- [GOAL OF THE EXERCISE] Nothing but the lines from the one with "this 1620×1080 image." through the end of the records below should be written out, and each must match word for word.

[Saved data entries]
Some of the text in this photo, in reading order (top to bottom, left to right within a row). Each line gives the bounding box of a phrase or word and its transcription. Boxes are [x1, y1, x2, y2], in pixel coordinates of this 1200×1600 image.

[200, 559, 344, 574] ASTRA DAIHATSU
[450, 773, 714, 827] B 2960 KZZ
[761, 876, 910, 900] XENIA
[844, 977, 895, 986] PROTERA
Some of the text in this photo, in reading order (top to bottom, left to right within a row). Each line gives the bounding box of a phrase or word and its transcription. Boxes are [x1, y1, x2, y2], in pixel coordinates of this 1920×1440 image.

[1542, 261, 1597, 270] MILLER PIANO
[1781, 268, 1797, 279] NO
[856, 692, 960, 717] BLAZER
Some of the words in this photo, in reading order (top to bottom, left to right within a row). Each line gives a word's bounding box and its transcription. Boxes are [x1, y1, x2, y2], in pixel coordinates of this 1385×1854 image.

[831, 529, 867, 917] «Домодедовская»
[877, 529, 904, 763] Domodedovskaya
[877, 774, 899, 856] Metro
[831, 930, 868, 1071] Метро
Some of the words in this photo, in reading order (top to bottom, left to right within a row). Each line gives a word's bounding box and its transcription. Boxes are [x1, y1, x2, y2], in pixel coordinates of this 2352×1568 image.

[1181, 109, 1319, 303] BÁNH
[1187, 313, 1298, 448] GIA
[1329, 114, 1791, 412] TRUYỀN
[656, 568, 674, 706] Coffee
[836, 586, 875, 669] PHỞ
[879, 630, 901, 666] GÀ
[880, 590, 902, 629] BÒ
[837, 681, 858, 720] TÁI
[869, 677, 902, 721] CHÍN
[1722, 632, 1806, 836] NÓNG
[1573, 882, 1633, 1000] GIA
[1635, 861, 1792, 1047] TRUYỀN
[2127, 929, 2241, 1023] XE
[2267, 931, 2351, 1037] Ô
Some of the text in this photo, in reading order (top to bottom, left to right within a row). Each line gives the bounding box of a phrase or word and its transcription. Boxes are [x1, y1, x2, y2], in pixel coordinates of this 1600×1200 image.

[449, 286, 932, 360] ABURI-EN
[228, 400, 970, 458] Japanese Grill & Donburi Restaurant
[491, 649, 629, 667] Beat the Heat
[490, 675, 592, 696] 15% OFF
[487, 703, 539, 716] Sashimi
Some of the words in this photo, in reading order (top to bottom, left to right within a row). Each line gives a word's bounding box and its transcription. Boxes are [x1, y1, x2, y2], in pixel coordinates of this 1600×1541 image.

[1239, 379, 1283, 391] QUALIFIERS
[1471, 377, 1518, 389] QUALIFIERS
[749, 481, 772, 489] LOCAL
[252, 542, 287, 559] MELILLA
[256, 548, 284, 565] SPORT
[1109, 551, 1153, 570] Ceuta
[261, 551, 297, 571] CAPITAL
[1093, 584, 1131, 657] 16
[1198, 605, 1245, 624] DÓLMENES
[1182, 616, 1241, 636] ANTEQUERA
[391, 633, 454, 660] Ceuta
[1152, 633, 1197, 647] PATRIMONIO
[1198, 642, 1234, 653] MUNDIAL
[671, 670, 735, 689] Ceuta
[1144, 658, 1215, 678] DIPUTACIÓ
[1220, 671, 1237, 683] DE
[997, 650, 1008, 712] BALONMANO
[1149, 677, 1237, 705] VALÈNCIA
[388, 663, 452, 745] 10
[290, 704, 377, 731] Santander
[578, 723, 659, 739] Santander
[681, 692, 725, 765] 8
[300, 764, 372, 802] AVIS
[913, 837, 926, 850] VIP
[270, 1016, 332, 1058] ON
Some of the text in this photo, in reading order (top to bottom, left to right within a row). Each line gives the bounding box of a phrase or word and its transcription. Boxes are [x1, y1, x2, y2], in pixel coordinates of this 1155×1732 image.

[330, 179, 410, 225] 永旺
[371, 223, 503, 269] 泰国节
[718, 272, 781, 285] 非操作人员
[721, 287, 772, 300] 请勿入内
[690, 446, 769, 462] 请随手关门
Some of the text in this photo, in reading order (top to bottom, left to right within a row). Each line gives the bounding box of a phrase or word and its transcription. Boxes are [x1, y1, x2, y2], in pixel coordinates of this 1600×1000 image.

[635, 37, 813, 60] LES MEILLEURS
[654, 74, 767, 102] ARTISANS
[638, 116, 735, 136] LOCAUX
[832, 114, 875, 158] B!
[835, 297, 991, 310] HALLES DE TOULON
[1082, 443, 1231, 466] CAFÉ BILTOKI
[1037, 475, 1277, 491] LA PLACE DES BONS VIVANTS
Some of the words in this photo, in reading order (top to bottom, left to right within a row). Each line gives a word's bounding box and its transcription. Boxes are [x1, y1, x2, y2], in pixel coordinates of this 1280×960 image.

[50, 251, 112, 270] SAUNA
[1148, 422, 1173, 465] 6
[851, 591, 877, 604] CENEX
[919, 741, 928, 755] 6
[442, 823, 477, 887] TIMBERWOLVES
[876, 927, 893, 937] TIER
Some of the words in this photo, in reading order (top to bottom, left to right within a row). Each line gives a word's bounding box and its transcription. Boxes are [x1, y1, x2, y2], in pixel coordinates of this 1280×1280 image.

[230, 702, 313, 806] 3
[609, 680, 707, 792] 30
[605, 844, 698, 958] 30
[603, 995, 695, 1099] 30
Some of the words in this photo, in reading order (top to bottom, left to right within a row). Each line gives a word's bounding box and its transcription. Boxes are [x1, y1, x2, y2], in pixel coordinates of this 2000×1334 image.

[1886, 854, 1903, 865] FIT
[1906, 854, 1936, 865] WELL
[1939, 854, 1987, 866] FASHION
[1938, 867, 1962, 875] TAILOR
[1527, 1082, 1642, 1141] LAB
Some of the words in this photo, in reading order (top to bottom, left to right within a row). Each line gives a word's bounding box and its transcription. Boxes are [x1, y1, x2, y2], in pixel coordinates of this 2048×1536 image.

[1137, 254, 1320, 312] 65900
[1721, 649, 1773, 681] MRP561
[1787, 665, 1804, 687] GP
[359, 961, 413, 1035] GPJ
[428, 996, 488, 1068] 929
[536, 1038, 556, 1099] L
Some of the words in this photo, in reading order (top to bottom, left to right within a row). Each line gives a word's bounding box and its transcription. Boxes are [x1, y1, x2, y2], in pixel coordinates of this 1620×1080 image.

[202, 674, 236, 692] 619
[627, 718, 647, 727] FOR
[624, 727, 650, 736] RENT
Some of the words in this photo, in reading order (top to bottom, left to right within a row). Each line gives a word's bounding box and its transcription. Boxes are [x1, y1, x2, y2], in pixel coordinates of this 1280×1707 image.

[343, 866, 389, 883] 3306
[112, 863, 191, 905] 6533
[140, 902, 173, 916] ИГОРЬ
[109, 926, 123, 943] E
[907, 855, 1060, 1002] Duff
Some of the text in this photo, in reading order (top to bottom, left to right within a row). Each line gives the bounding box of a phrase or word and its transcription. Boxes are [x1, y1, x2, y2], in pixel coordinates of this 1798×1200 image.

- [OUTPUT OF THE TASK]
Some of the words in this photo, in reading order (top to bottom, left to right within a row). Each line gives a word's bounding box and its transcription. Boxes are [x1, y1, x2, y2], in pixel coordinates of this 1620×1080 image.

[202, 674, 236, 692] 619
[627, 718, 647, 727] FOR
[624, 727, 650, 736] RENT
Some of the words in this photo, in reading order (top to bottom, left to right within a row). Each line gives a word's bounding box and its transcription. Boxes are [x1, y1, x2, y2], in pixel coordinates of this 1280×1707 image.

[343, 866, 389, 883] 3306
[112, 863, 191, 905] 6533
[140, 902, 173, 916] ИГОРЬ
[109, 926, 123, 943] E
[907, 855, 1060, 1002] Duff
Some of the text in this photo, in reading order (top to bottom, left to right within a row). Each line gives the bounding box of a phrase or word and its transcription. Boxes are [x1, y1, x2, y2], in pixel coordinates of this 1798×1200 image.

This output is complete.